Recuerden Tras el Corazón Verde, es el tipo de película que me viene a la cabeza tras disfrutar Noche y Día. Conflicto de parejas, confrontación de géneros... Algunas escenas de Indiana Jones y el Templo Maldito, tal vez algo de Mentiras Arriesgadas... Es cierto que podemos nombrar pinceladas en alguna u otra película reciente pero Noche y Día, no le queda otro remedio, decide jugar esa rivalidad hombre-mujer como su única baza. Y casi siempre acierta.


Si las carreras de Tom Cruise y Cameron Diaz andaran por momentos más álgidos probablemente Noche y Día no se hubiera realizado. No hoy, al menos, porque es cine de otra época. Noche y Día es el último retazo de un cine de acción divertida, de una comedia adrenalítica, que hoy no se practica.


Así, esta película ochentera a más no poder existe hoy en día para lucimiento y renacer de sus dos estrellas principales, una vuelta de ambos al cine ligero en el que nacieron, un trabajo en el que deben habérselo pasado tan bien que ni siquiera les ha importado la cantidad de gilipolleces que suceden en Noche y Día, película honesta y sin pretensiones que por momentos resulta muy, muy divertida.
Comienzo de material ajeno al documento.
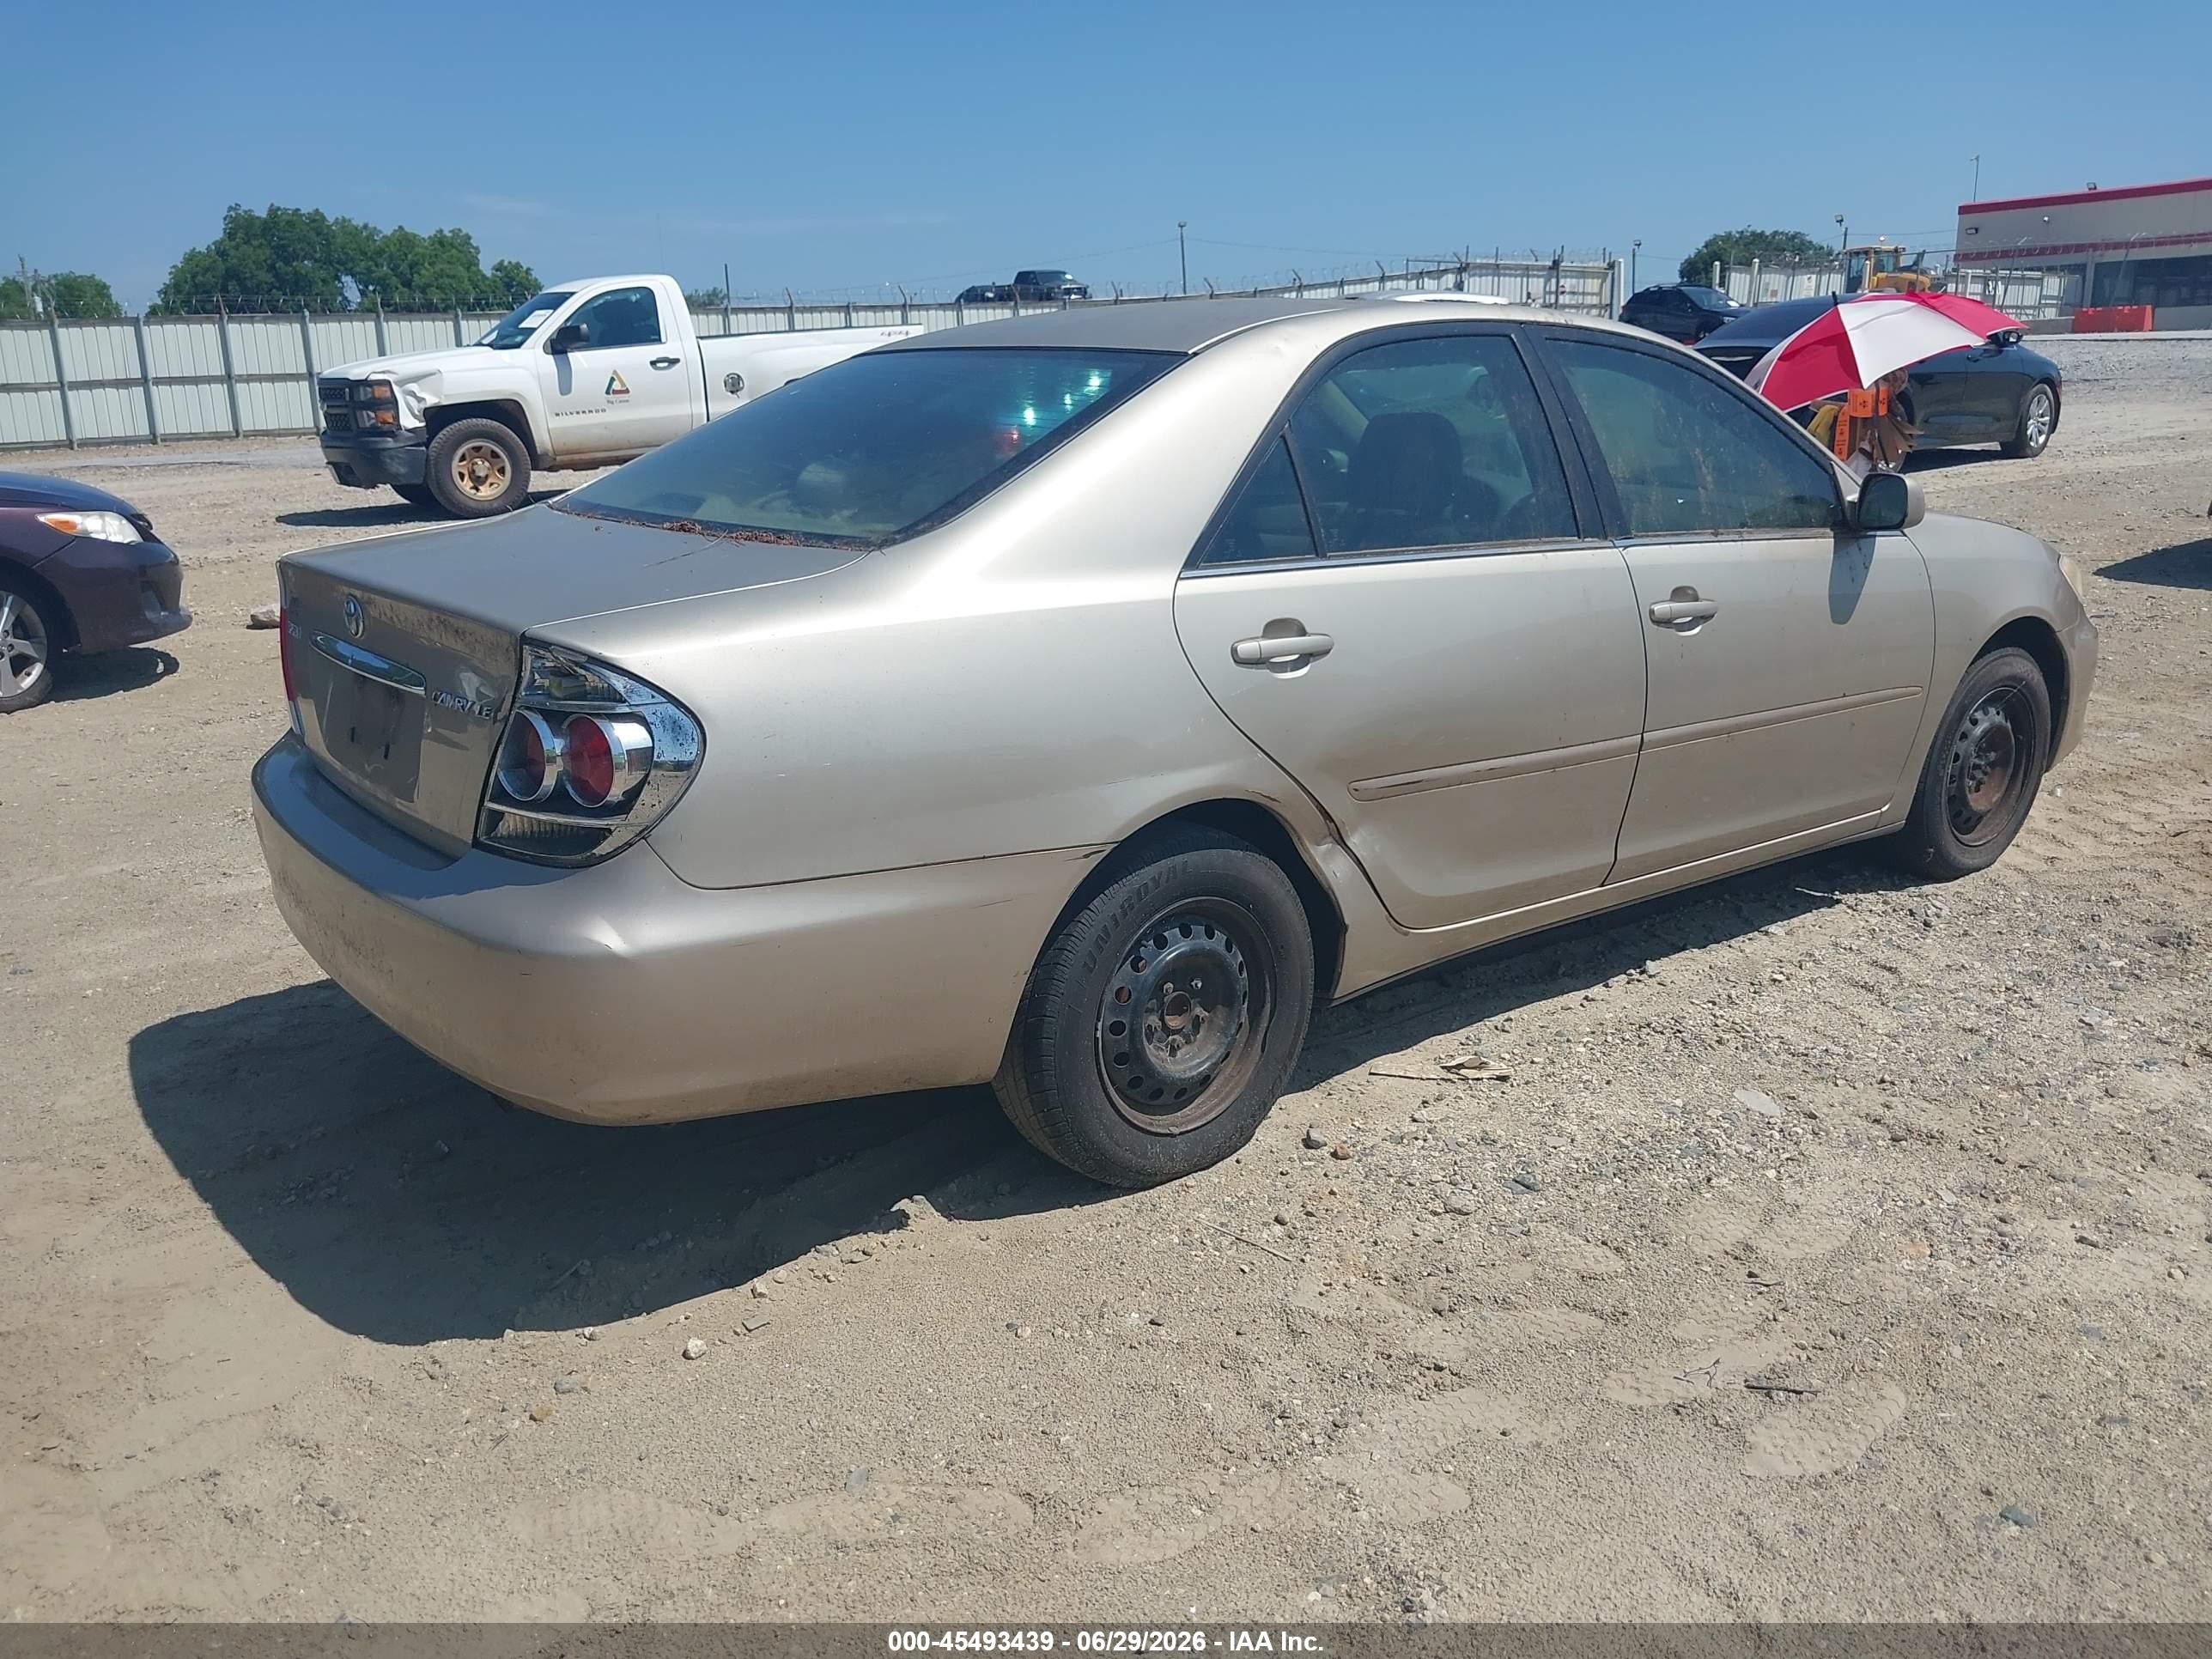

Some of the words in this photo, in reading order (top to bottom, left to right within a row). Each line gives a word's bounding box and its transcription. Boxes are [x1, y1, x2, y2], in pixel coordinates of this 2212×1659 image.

[555, 408, 606, 417] SILVERADO
[432, 691, 475, 713] CAMRY
[475, 705, 492, 720] LE
Pero de eso va la película, ¿no? de reírse un rato. Porque la parte de cine de acción, obviando los correctos efectos especiales y las escenas más o menos originales, Noche y Día tiene gracia única y sólamente por el cachondeo que se traen Cruise y Cameron en pantalla, tanto es así que cuando pretende convertirse en cine de suspense, en un thrillera lo Mission Impossible no es que fracase, es que directamente se hunde.


Con retazos, como digo, de un cine ya en extinción, el espía imposible que es Cruise seduce y manipula a la inconcebible mecánica que es Cameron Díaz, más tonta y simple que un lapicero, en un ejercicio que para mí pudiera rayar en un rancio machismo.
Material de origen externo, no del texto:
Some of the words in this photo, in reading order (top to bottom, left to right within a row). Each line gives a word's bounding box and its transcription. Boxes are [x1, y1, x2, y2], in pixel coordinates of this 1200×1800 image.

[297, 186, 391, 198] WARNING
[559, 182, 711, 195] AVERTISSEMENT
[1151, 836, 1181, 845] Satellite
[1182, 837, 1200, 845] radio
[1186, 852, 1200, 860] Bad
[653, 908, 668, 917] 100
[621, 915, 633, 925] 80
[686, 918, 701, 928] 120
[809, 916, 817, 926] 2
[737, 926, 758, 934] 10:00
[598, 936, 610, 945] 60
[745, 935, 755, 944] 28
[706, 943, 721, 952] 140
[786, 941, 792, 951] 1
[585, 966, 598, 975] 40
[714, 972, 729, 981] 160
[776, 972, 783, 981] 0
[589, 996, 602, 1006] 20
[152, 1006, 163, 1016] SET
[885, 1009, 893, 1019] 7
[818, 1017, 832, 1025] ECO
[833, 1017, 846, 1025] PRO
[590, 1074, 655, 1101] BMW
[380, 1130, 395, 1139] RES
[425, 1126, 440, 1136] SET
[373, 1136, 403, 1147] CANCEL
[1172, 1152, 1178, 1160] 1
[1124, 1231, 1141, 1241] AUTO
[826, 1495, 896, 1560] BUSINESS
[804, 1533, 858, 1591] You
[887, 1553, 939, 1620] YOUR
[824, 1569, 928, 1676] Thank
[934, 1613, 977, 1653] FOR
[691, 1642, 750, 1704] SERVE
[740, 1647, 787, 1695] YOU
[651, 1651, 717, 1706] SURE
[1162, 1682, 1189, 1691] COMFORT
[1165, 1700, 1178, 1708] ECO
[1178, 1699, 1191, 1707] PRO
Sin embargo, fuera de un guión absurdo -¿cuántas veces habré escrito esta frase en este blog?-, Noche y Día intenta acercarse a un entretenimiento ligero y consumible. Y como Tom Cruise como pícaro graciosete y guapetón resulta ser bastante graciosete y guapetón, y como Cameron Díaz hace muy bien de tonta pero adorable niña mona, Noche y Día te hace pasar un rato divertido añorando aquel cine ochentero de Douglas y Turner en el que te reías tanto como te estremecían los sobresaltos.


Por cierto, he visto una entrevista en la que Cruise quita hierro al asunto de que hayan puesto los San Fermines en Sevilla, alegando que lo importante era que la película refleja sin duda la belleza de nuestro país. Como escritor no creo que fuese tan difícil que Noche y Día tuviera su ansiada persecución torera sin que la acción sucediese en Sevilla o sin que fueran los San Fermines. Como español empieza a preocuparme el respeto que Cruise muestra hacia nuestro país cada vez que se le pone en los cojones rodar en España. Y más me rayan los que se lo permiten.